_EXERCISE GOAL_
Where the lines below hold images, skip those and copy every word exactly.

_DATA_
[Start of section]

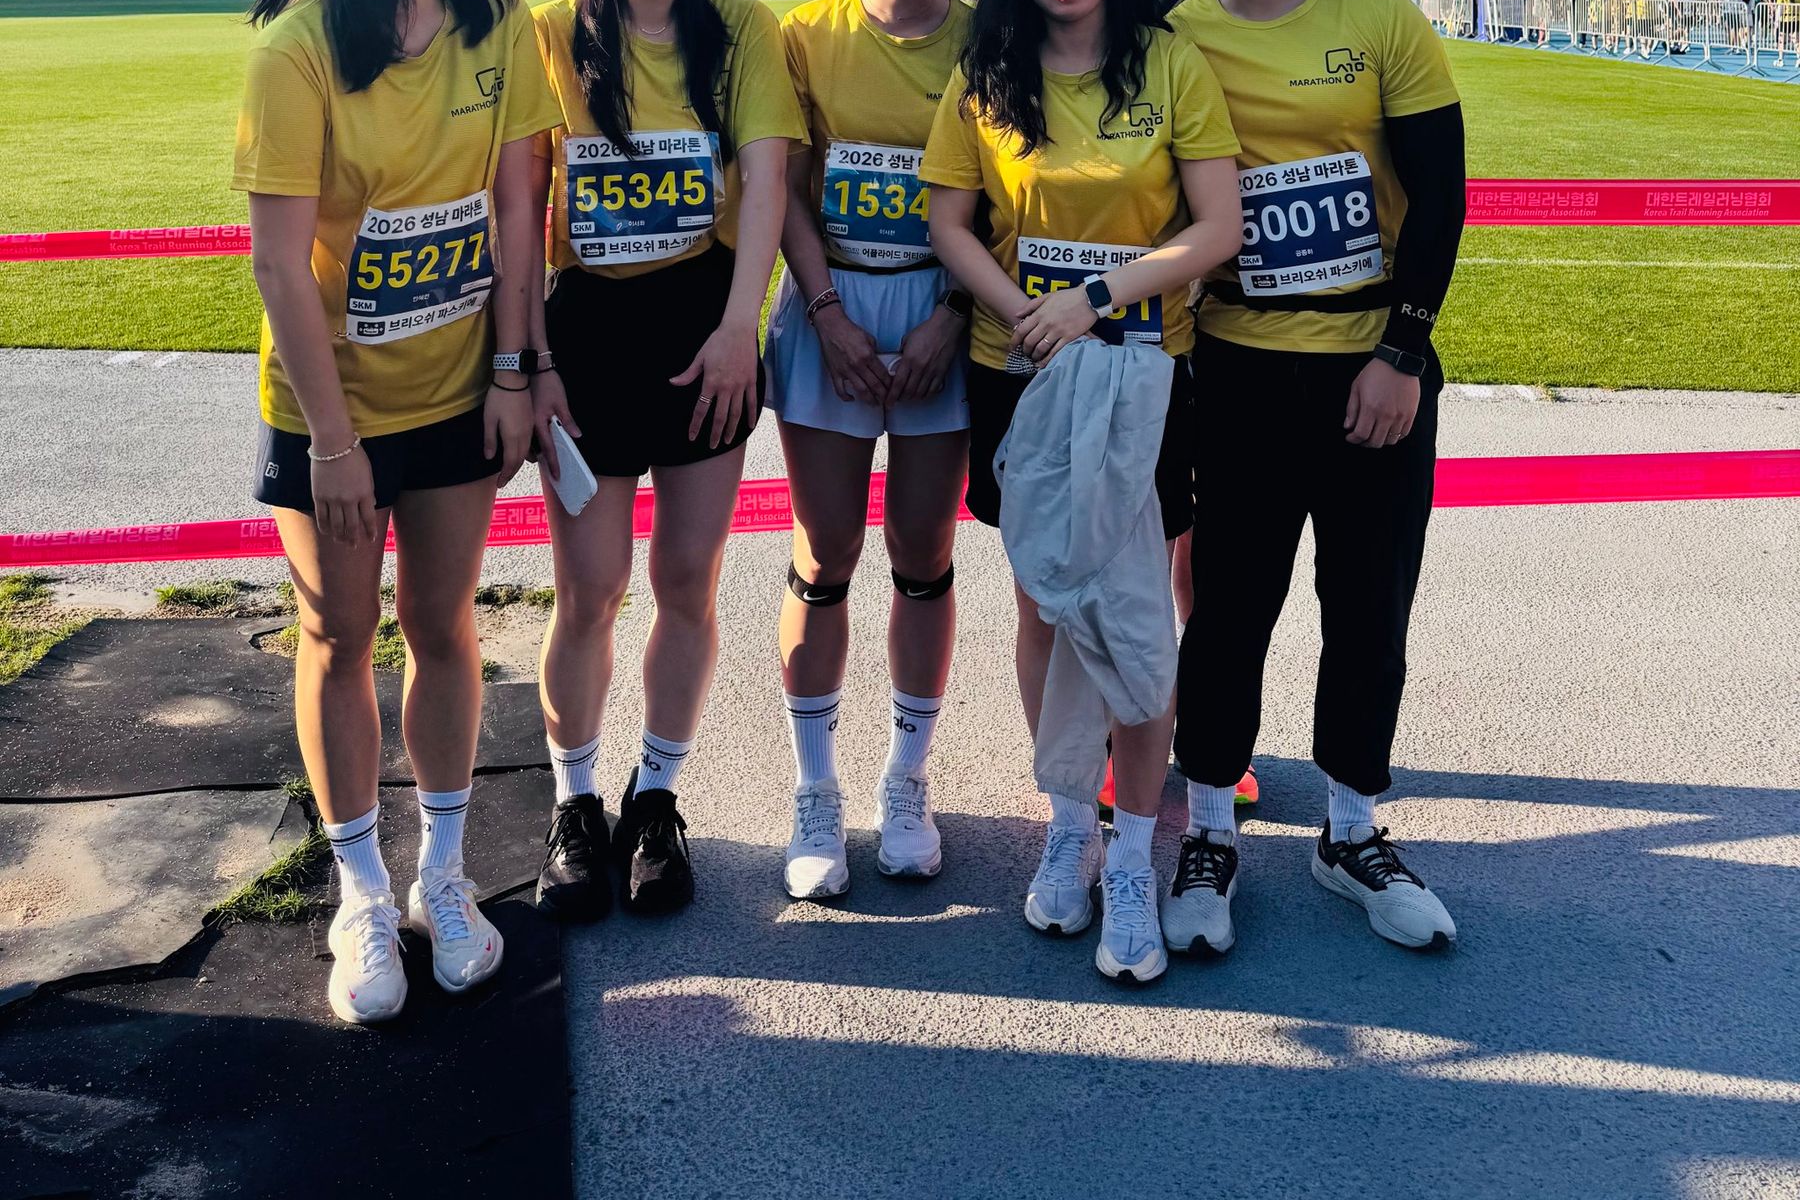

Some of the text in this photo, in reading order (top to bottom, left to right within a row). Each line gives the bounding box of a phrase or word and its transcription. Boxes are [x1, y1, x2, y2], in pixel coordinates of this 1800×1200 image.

[1289, 75, 1342, 87] MARATHON
[577, 142, 623, 159] 2026
[659, 137, 702, 154] 마라톤
[838, 149, 885, 167] 2026
[888, 154, 915, 171] 성남
[1281, 165, 1311, 185] 성남
[1314, 157, 1359, 179] 마라톤
[575, 168, 707, 213] 55345
[1469, 191, 1599, 207] 대한트레일러닝협회
[1646, 191, 1772, 207] 대한트레일러닝협회
[366, 198, 484, 236] 2026 성남 마라톤
[1242, 190, 1371, 246] 50018
[1467, 208, 1597, 219] Korea Trail Running Association
[1643, 208, 1770, 220] Korea Trail Running Association
[573, 224, 592, 232] 5KM
[828, 224, 847, 233] 10KM
[110, 242, 141, 252] Korea
[142, 241, 166, 251] Trail
[168, 240, 213, 251] Running
[608, 239, 655, 255] 브리오쉬
[862, 247, 902, 260] 어플라이드
[355, 230, 486, 291] 55277
[1027, 243, 1150, 267] 2026 성남 마라
[1241, 256, 1261, 265] 5KM
[1279, 256, 1374, 286] 브리오쉬 파스키에
[351, 300, 373, 311] 5KM
[388, 310, 436, 332] 브리오쉬
[437, 295, 478, 319] 파스키에
[510, 526, 550, 537] Running

[End of section]

_OUTPUT_
Some of the text in this photo, in reading order (top to bottom, left to right within a row). Each line gives the bounding box of a phrase or word and its transcription. Boxes are [x1, y1, x2, y2], in pixel coordinates of this 1800×1200 image.

[1289, 75, 1342, 87] MARATHON
[577, 142, 623, 159] 2026
[659, 137, 702, 154] 마라톤
[838, 149, 885, 167] 2026
[888, 154, 915, 171] 성남
[1281, 165, 1311, 185] 성남
[1314, 157, 1359, 179] 마라톤
[575, 168, 707, 213] 55345
[1469, 191, 1599, 207] 대한트레일러닝협회
[1646, 191, 1772, 207] 대한트레일러닝협회
[366, 198, 484, 236] 2026 성남 마라톤
[1242, 190, 1371, 246] 50018
[1467, 208, 1597, 219] Korea Trail Running Association
[1643, 208, 1770, 220] Korea Trail Running Association
[573, 224, 592, 232] 5KM
[828, 224, 847, 233] 10KM
[110, 242, 141, 252] Korea
[142, 241, 166, 251] Trail
[168, 240, 213, 251] Running
[608, 239, 655, 255] 브리오쉬
[862, 247, 902, 260] 어플라이드
[355, 230, 486, 291] 55277
[1027, 243, 1150, 267] 2026 성남 마라
[1241, 256, 1261, 265] 5KM
[1279, 256, 1374, 286] 브리오쉬 파스키에
[351, 300, 373, 311] 5KM
[388, 310, 436, 332] 브리오쉬
[437, 295, 478, 319] 파스키에
[510, 526, 550, 537] Running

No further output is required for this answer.